───── Available records ─────

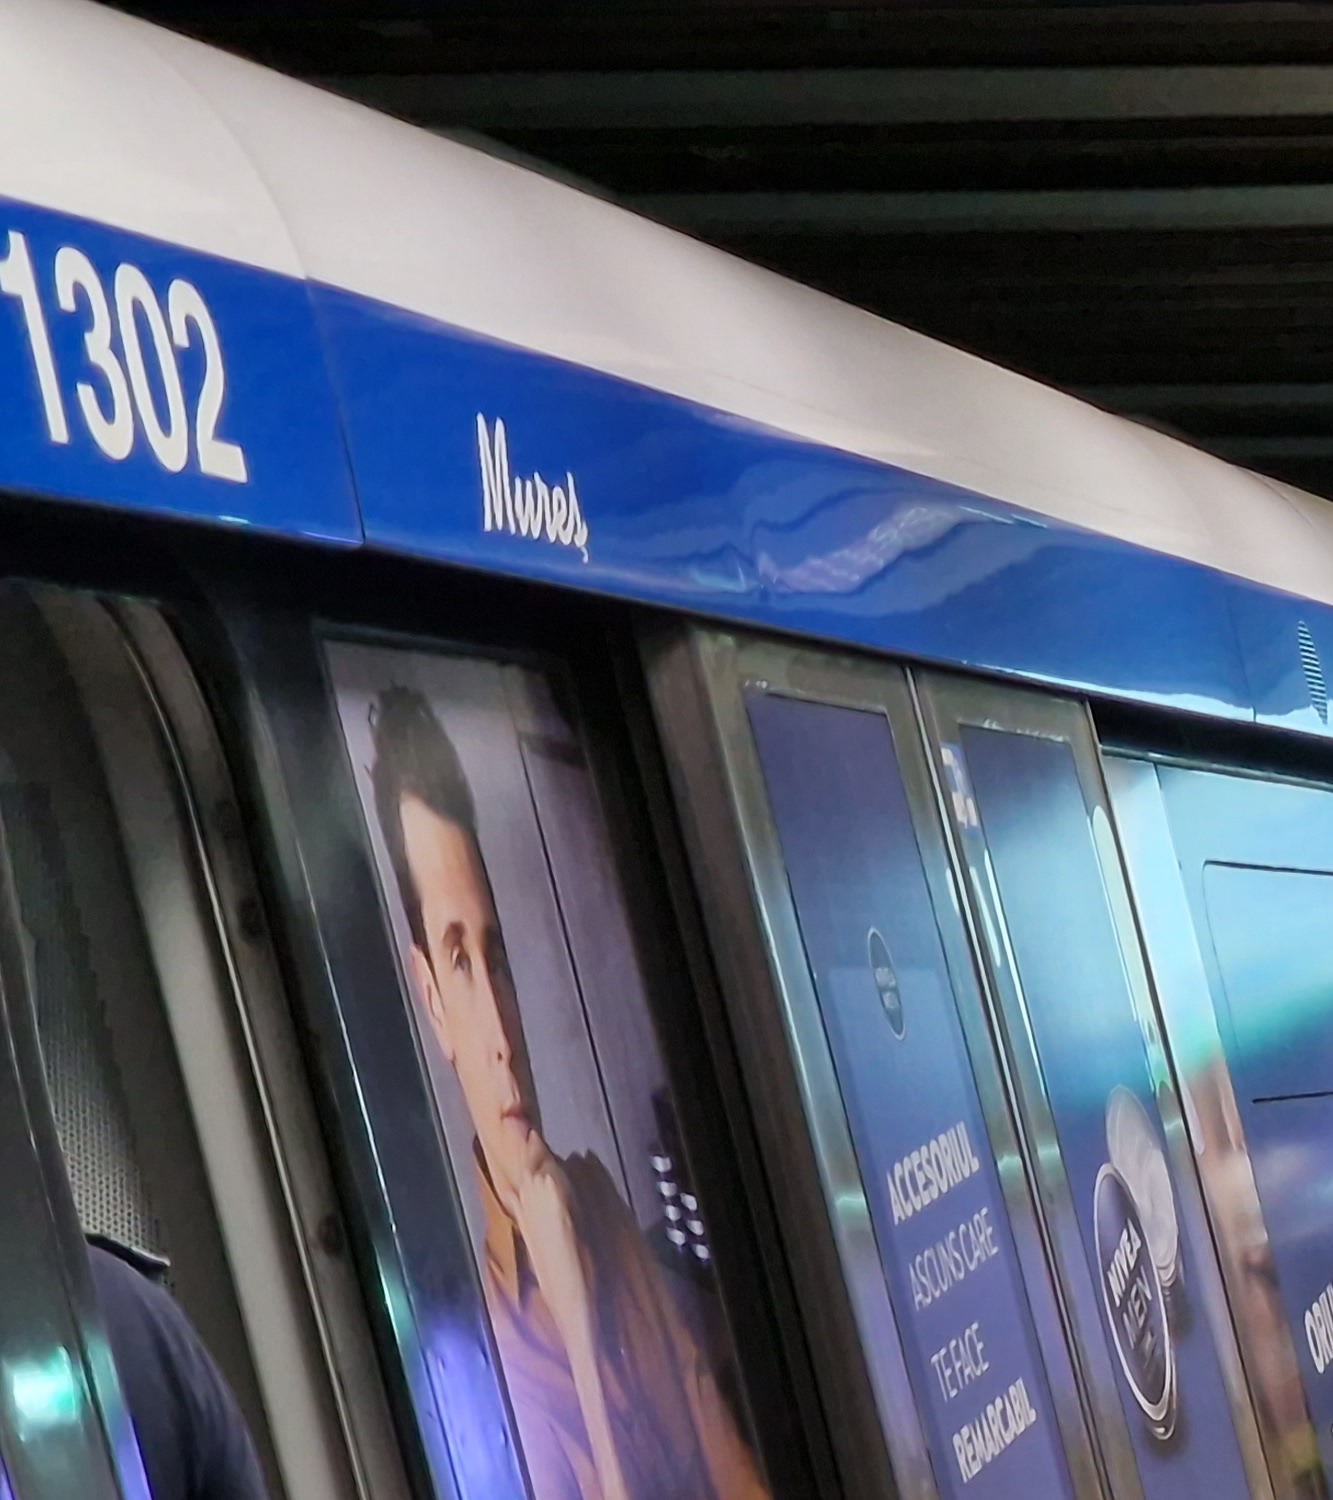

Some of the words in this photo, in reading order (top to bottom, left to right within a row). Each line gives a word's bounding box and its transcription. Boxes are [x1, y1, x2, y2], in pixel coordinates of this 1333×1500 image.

[0, 230, 249, 483] 1302
[886, 1120, 980, 1226] ACCESORIUL
[908, 1230, 966, 1313] ASCUNS
[959, 1206, 999, 1272] CARE
[930, 1346, 959, 1402] TE
[949, 1321, 990, 1390] FACE
[952, 1377, 1037, 1484] REMARCABIL

─────

- **Task instructions**: Above are the records; repeat them exactly, omitting every picture.

- **Completed exercise**:
Some of the words in this photo, in reading order (top to bottom, left to right within a row). Each line gives a word's bounding box and its transcription. Boxes are [x1, y1, x2, y2], in pixel coordinates of this 1333×1500 image.

[0, 230, 249, 483] 1302
[886, 1120, 980, 1226] ACCESORIUL
[908, 1230, 966, 1313] ASCUNS
[959, 1206, 999, 1272] CARE
[930, 1346, 959, 1402] TE
[949, 1321, 990, 1390] FACE
[952, 1377, 1037, 1484] REMARCABIL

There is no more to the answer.